What’s even more sobering? It’s estimated that 90% of eye injuries can be prevented.
Building Public Awareness about Eye Injury at Home
Statistics like these explain why Prevent Blindness, a national advocacy group, has made October “Home Eye Safety Month”. Adding to the topic’s visibility, the American Academy of Ophthalmology has designated October “Eye Injury Prevention Month”.
What makes this story important is the large number of eye injuries that take place at home. Most workplaces are required by law to have safety programs, but what we do in our homes to protect our loved ones is largely up to us.
Everyday Eye Safety
It doesn’t take an enormous effort to make your home safer and greatly reduce the chances of eye injury. Here are some examples:
— Yardwork and Power Tools: If you’re plugging it in, charging it up, or filling it with gas, you probably should be wearing safety glasses. Portable power tools, lawn mowers and blowers, table-top saws and drills – they harness huge amounts of energy that can send dangerous objects airborne. Follow manufacturers’ safety guidelines and wear ANSI approved protective eyewear4.
— Sports: Consider this – the sport that reports the most eye injuries is basketball, followed by water sports like swimming, surfing, water skiing and tubing5. The point? Protective eyewear isn’t just for baseball and hockey. You and your children should be using certified, sports-specific safety glasses anytime there’s a risk from flying objects and collisions.

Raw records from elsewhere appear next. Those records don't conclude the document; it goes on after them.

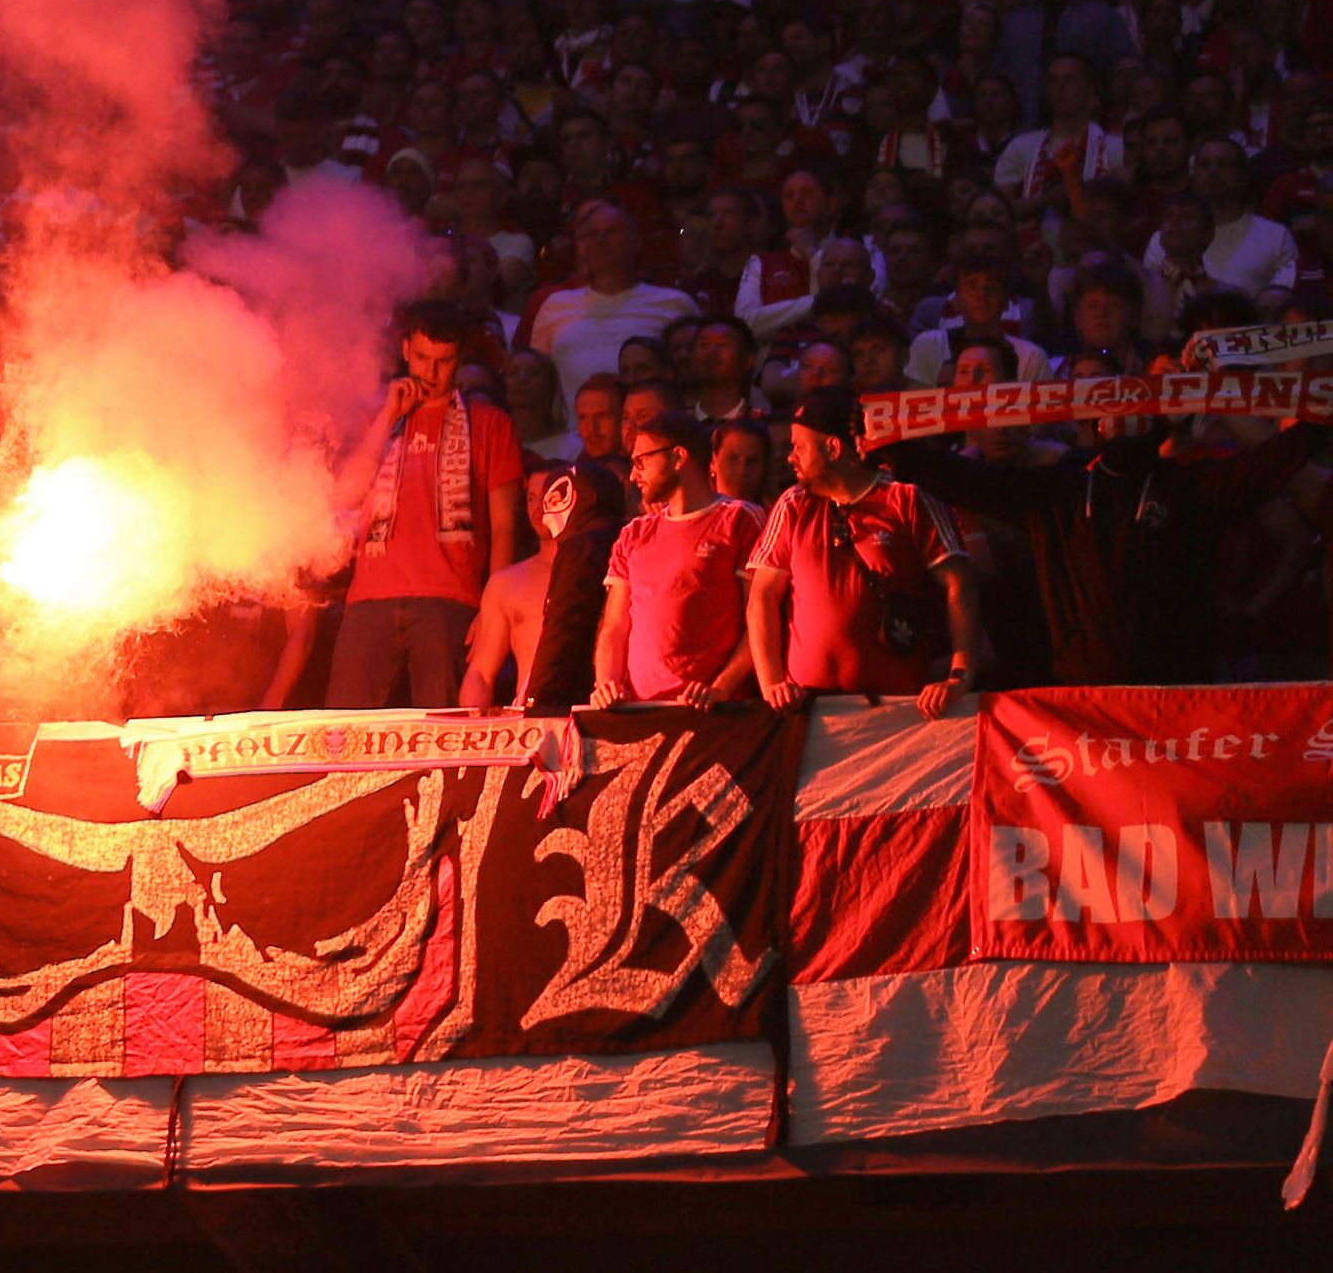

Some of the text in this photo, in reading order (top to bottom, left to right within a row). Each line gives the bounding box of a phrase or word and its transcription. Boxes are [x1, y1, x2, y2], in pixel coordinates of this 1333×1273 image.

[862, 381, 1071, 441] BETZE
[1163, 371, 1333, 418] FANS
[181, 726, 545, 763] PFALZ INFERNO
[1011, 725, 1282, 794] Staufer
[987, 822, 1179, 924] BAD
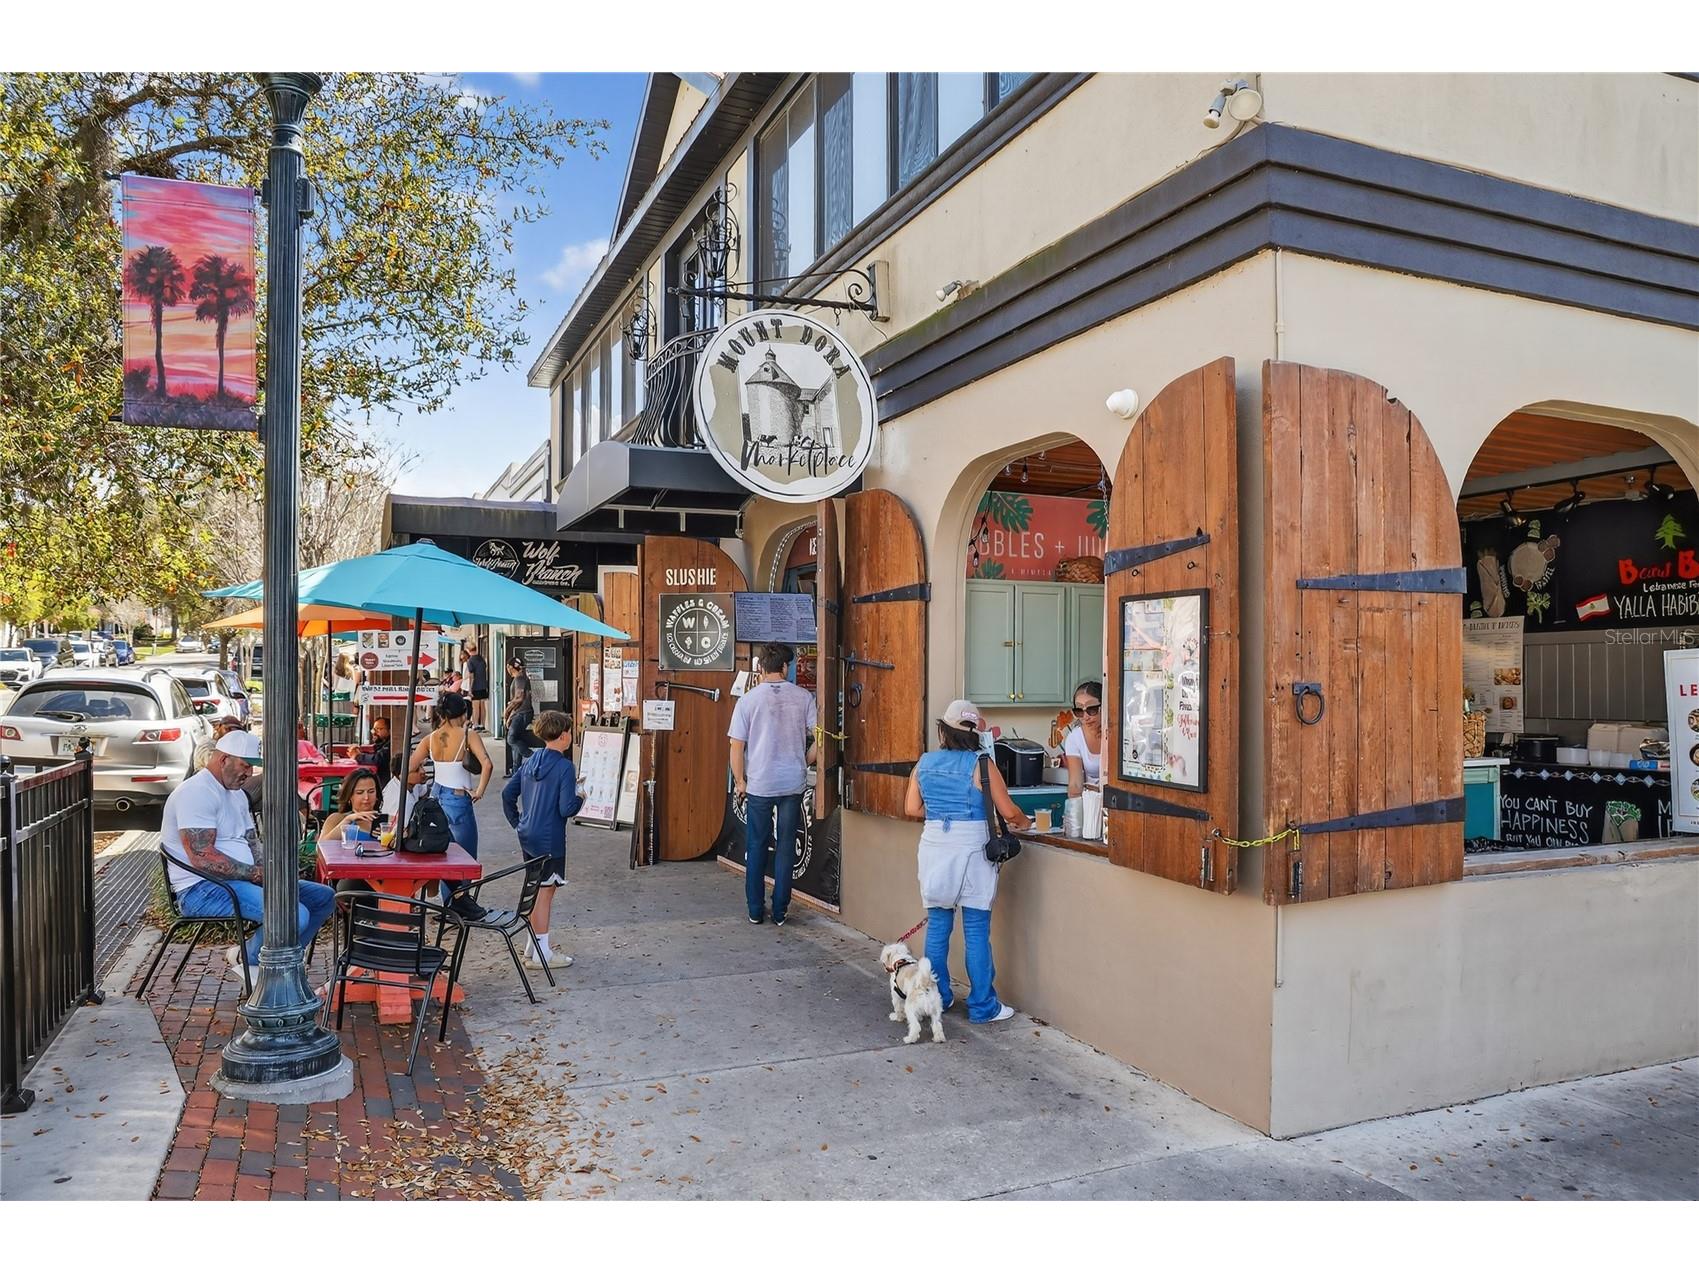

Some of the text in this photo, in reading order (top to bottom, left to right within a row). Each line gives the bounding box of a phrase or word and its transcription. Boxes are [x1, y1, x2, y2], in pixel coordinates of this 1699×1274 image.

[716, 318, 852, 380] MOUNT DORA
[740, 439, 857, 478] Marketplace
[522, 541, 560, 566] Wolf
[522, 560, 583, 588] Branch
[665, 567, 717, 587] SLUSHIE
[665, 599, 696, 629] WAFFLES
[706, 601, 730, 629] CREAM
[1613, 594, 1657, 620] YALLA
[1499, 794, 1520, 810] YOU
[1565, 801, 1593, 819] BUY
[1500, 810, 1590, 845] HAPPINESS
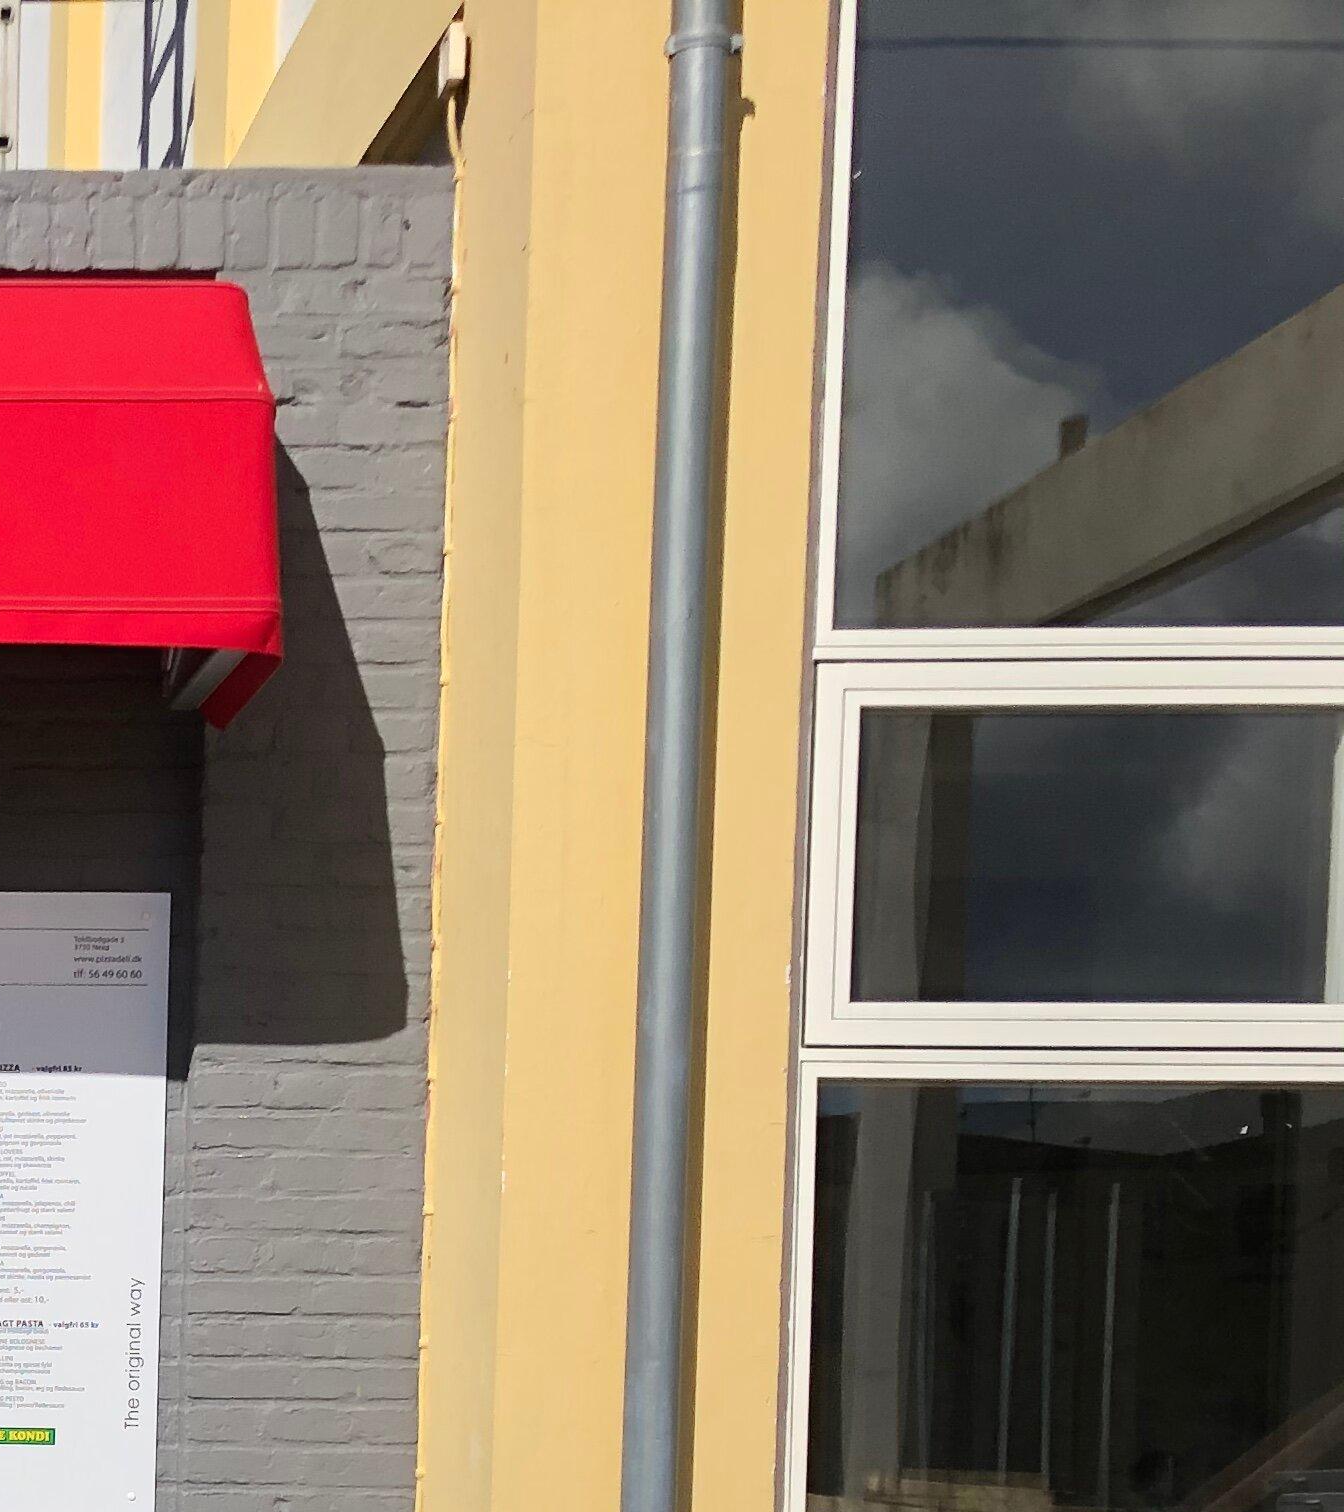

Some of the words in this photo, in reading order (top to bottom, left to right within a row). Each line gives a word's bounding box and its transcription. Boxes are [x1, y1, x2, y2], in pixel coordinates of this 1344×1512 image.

— Household Chemicals6: Cleaning solutions, paints, bleach, oil, gasoline and other chemicals can cause major eye injuries. Store them in secure areas away from children; read and follow warning and use labels; don’t mix cleaning agents; and remember that regular eyeglasses often don’t provide the right level of protection.
— Details Matter: The small stuff adds up. Well secured rugs and sturdy railings prevent unexpected spills. The sharp edges of furnishings and fixtures can be a hazard to young children and the elderly – cushioning and covers can cut the risk. Grease shields on frying pans can shield the eyes from the hot spatter. Learn more how to protect you and your family at the Prevent Blindness and American Academy of Ophthalmology websites.
Much of what constitutes smart home eye safety is common sense. Safety glasses during home maintenance and repairs. Protective eyewear for most sports. Safe handling of chemicals, cleaning products and fuels. Set some time aside in October to look over your home, check your tools and sports gear, and take the steps to make them more eye-safe for you and your family.